Q: Mr. President, when you meet with the congressional leadership tomorrow, will you be specific about what they can and cannot relay back up to the Hill? Or, do you just expect them not to relay anything?
THE PRESIDENT: Well, I'm going to talk to the leaders about this. I have talked to them about it. I mean, when the classified information first seeped into the public, I called him on the phone and said, this can't stand. We can't have leaks of classified information. It's not in our nation's interest.
-- President Bush in 2001 after classifed information was leaked by congressmen
“This is a large administration and there's a lot of senior officials. I have no idea whether we'll find out who the leaker is … “
-- President Bush this week on the Valerie Plame Wilson leak
That’s not all. The White House counsel’s office is poring over all documents requested for the investigation before turning them over to the Justice Department – and may withhold some under executive privilege if necessary.
Then there’s this hilarious exchange between newsman Russell Mokhiber and White House spokesman Scott McClellan over whether Bush’s senior political adviser said Valerie Plame was “fair game.”
Hilarious and outrageous at the same time.
And at the LA Weekly, David Corn, the columnist for The Nation who first suggested that administration officials might have committed a crime by disclosing Plame’s name, regales us with what happened when he tried to discuss the matter on “fair and balanced” Fox. If Republicans and adminstration apologists “can succeed in presenting the controversy as another one of those same-old bitter face-offs between D’s and R’s — creating a moral equivalency between the leakers and the complainants — they win. Their aim is to exploit the public’s (justifiable) cynicism toward Washington and to battle to an it’s-all-politics draw.

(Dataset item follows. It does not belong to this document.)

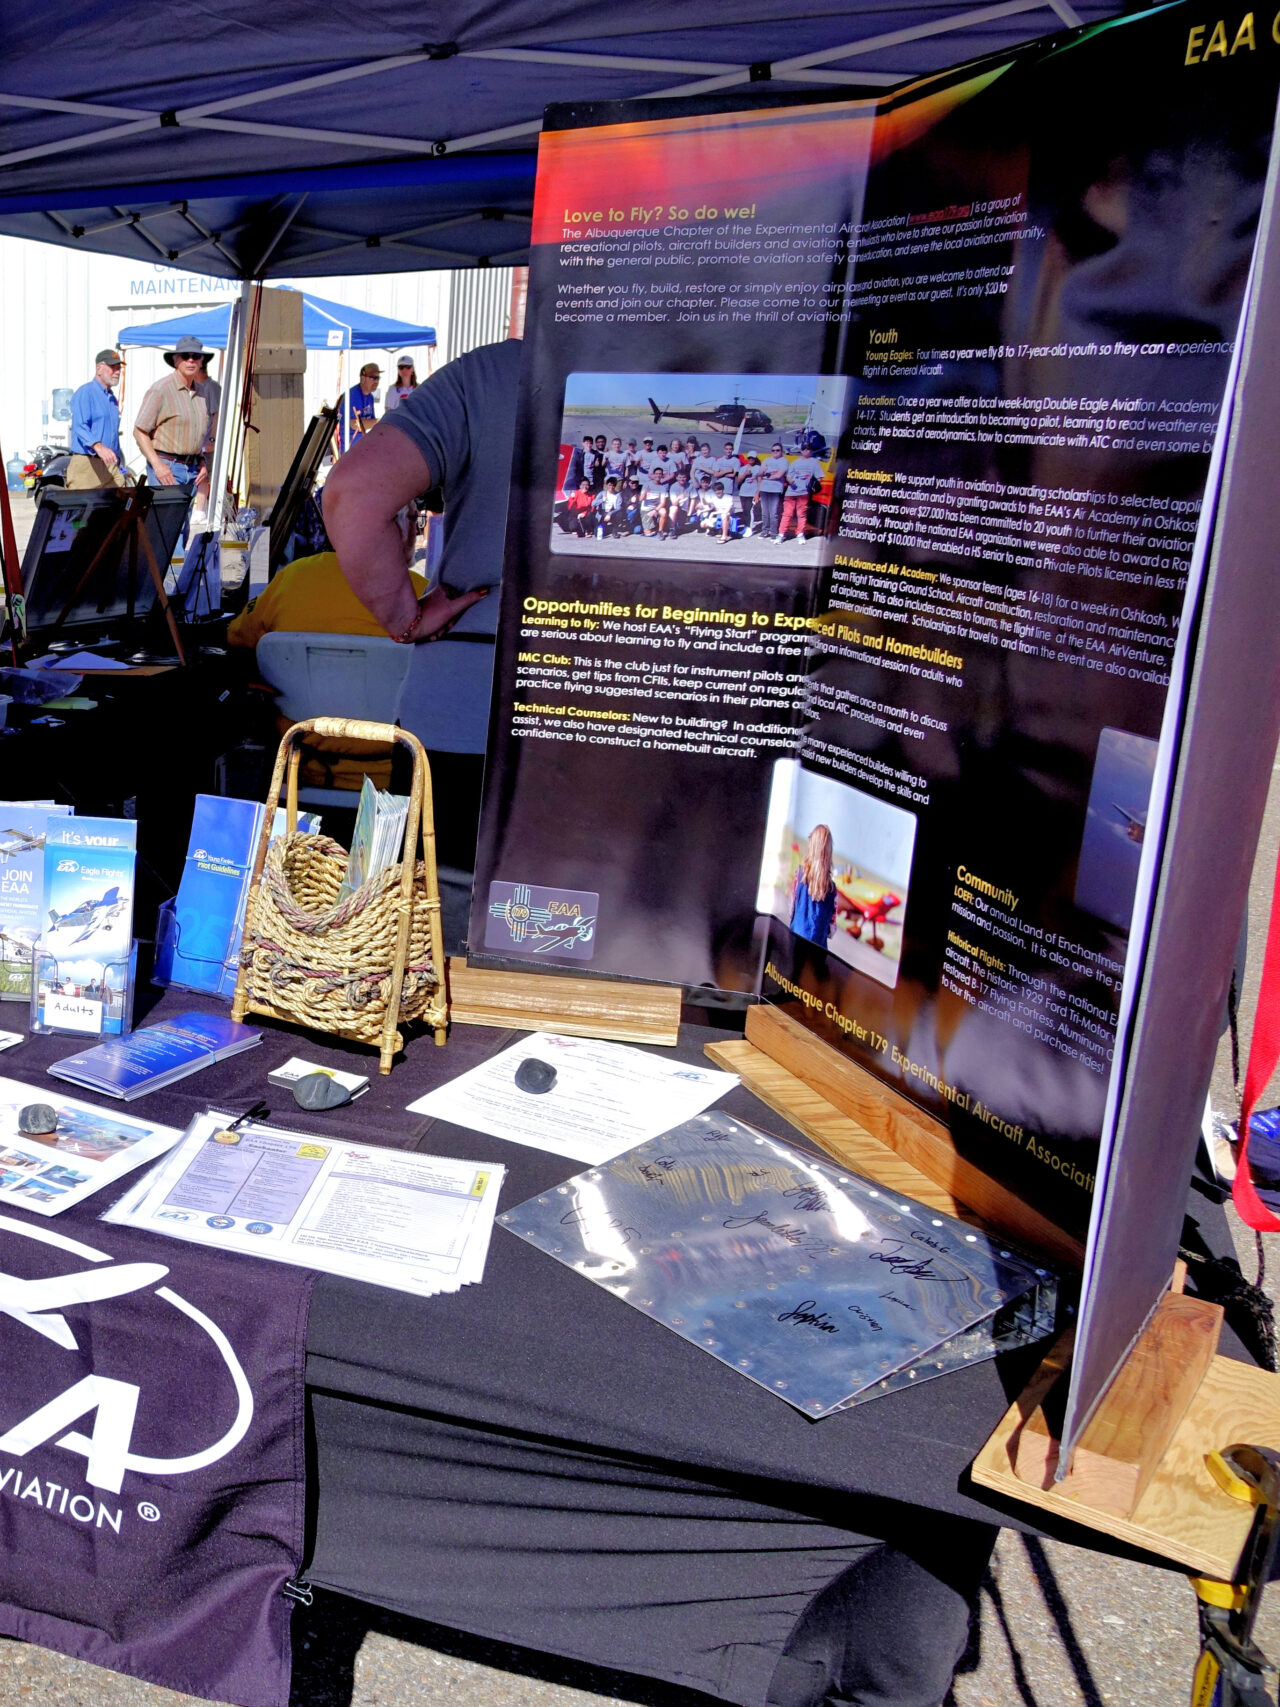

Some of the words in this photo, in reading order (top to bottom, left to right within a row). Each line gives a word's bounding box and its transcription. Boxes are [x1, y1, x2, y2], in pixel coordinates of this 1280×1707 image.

This is a good strategy — as long as no indictments materialize.”
The depleted uranium threat
One of the least-examined consequences of America’s attacks on other nations in the last 15 years has been what role depleted uranium ammunition has played in the illness of U.S. troops and reports of increased rates of cancer in Iraq after the Gulf War of 1991 and in the Balkans after the conflicts in Bosnia and Serbia.
Cursor links to an excellent piece by Hillary Johnson in the Oct. 2 Rolling Stone, which goes into great detail about the controversy surrounding depleted uranium, or DU, which is the chief component in modern armor-piercing ammunition fired by U.S. tanks and planes.
It’s an ugly picture: cancer, deformed infants, U.S. soldiers warned inadequately if at all about the hazards of DU and, most troubling of all, a Pentagon in total denial about the possible scope of the problem.
In another disconcerting development, UPI reports that mysterious blood clots and other ailments that are killing or hospitalizing what appears to be an unusual number of GI’s in Iraq.